Das Moria Camp ist ein ehemaliges Gefängnis. Hinter den hohen Stacheldrahtzäunen findet die Registrierung statt. Darüber hinaus befinden sich im inneren Kleiderlager und Schlafplätze für Kranke, Menschen mit Behinderung, Schwangere und Familien mit Säuglingen oder kleinen Kindern. Die Schlafplätze sind begrenzt, darum wird genau geschaut, wer den größten Bedarf hat. Alle anderen müssen draußen bleiben und sind auf sich selbst gestellt. Es gibt zu wenig Essen, nicht genügend Schlafplätze, die Kleiderausgabe hat nicht rund um die Uhr geöffnet und auch die Ärzte sind nicht 24 Stunden am Tag da. Die Duschen sind in einem ekelhaften Zustand, es stinkt nach Urin und es ist wahnsinnig dreckig. Insgesamt stehen circa 15 Dixi-Klos auf dem gesamten Gelände für 2.000 bis 10.000 Flüchtlinge, die hier warten.

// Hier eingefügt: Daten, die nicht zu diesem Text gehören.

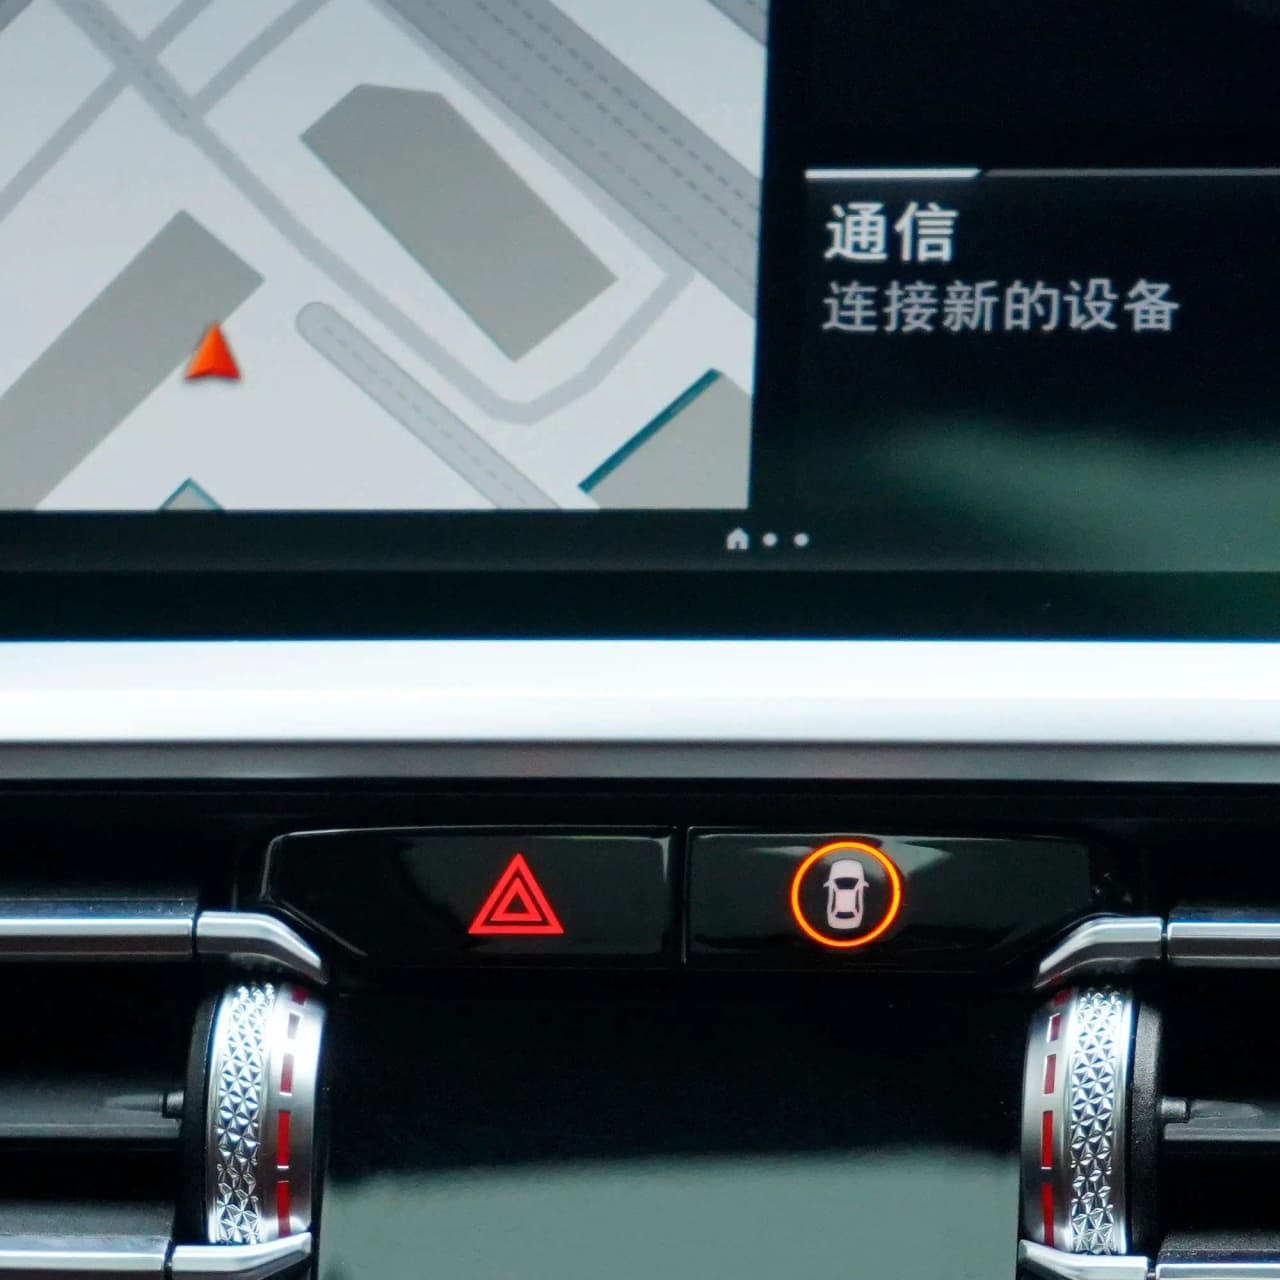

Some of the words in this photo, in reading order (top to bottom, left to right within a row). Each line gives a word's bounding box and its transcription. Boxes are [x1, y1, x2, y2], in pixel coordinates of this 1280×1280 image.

[823, 202, 959, 264] 通信
[821, 278, 1180, 332] 连接新的设备
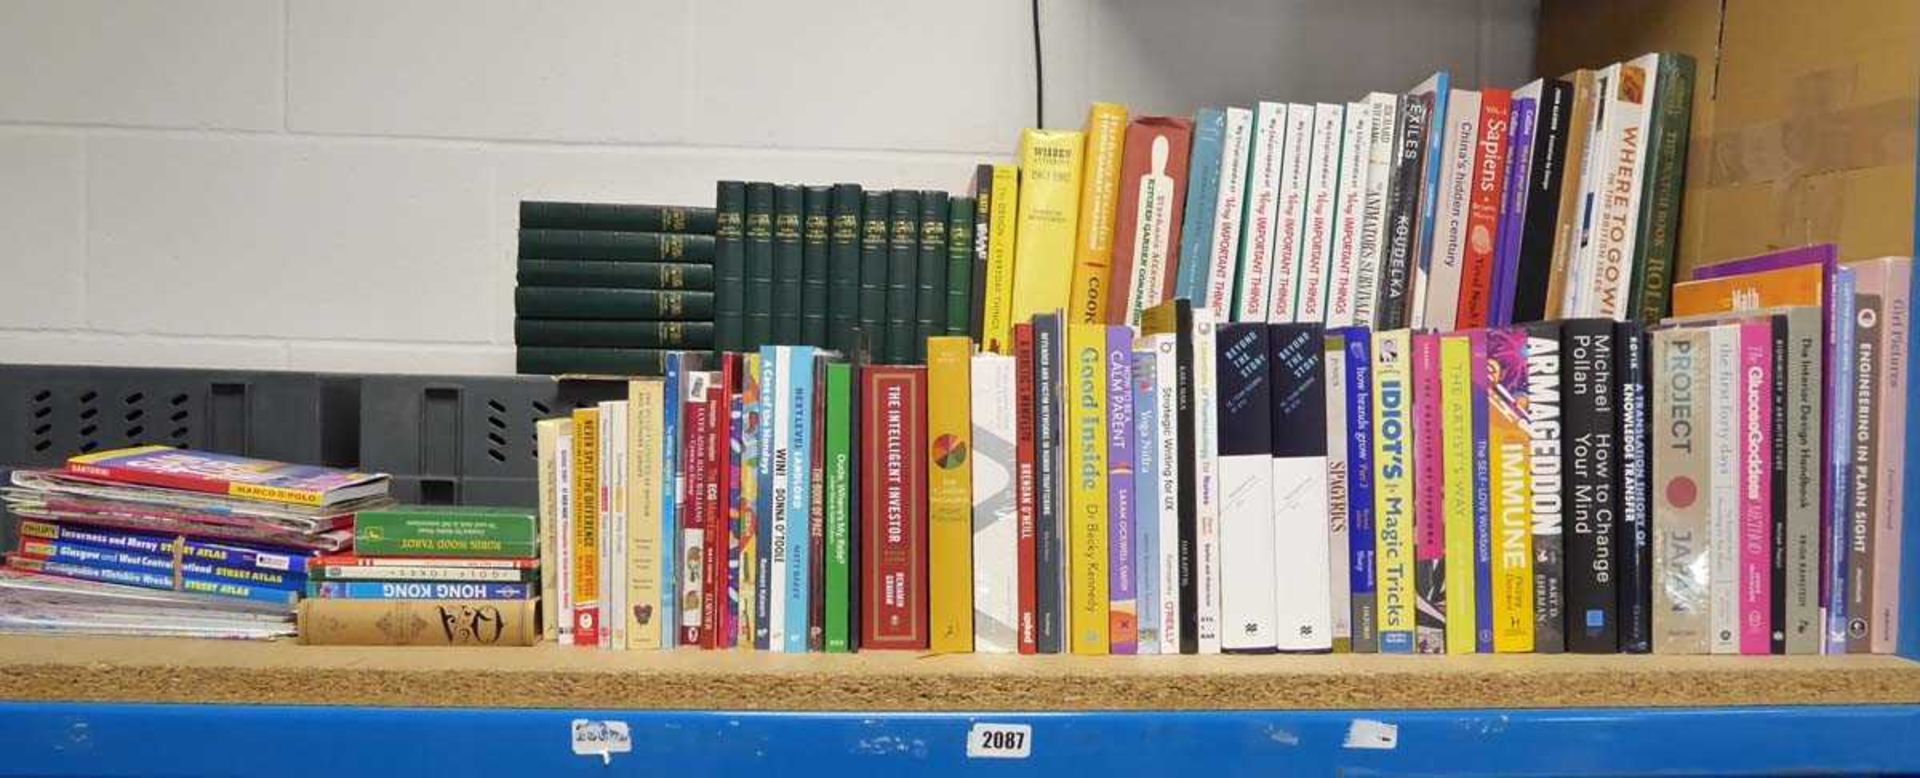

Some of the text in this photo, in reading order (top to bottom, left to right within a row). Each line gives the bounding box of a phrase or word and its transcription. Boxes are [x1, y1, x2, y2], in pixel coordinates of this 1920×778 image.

Das Gelände wird weitgehend von privaten Helfern organisiert. Es gibt ein paar freiwillige Ärzte, die sich zusammengeschlossen haben, und ein paar Helfer, die sich als Gruppe »better days for Moria« nennen und Flüchtlinge mit Zelten, Schlafsäcken, Kleidung, Essen und vor allem Informationen versorgen. Die Gruppe ist gerade erst entstanden, es bestehen noch keine Strukturen, Schichten oder klare Regeln. Vieles wird jeden Tag neu geregelt, es gibt enorme Reibungsverluste und eine hohe Frustrationsrate unter den Helfern. Wir beschließen spontan uns dieser Gruppe anzuschließen und einfach mit anzupacken.

Die kommenden Tage sind anstrengend und chaotisch: Wir geben Kleidung und Essen aus, versuchen, so viele Informationen zu teilen wie möglich. Wir räumen auf, bauen auf und ab, versuchen, im kleinen Kreis Strukturen zu schaffen und stoßen dabei immer wieder an Grenzen – zu viele Helfer sind vor Ort mit unterschiedlichen Ansichten, so dass jeder am Ende einfach drauf loslegt.

In der letzten Nacht vor unserer Abreise schüttet es aus Eimern. Ein heftiges Gewitter tobt über der Insel. Ich denke an all die Menschen die abends in Moria angekommen sind und keinen Schlafplatz mehr gefunden haben. Sie sind dem Wetter schutzlos ausgeliefert. Es kommt mir unmenschlich vor, was hier passiert.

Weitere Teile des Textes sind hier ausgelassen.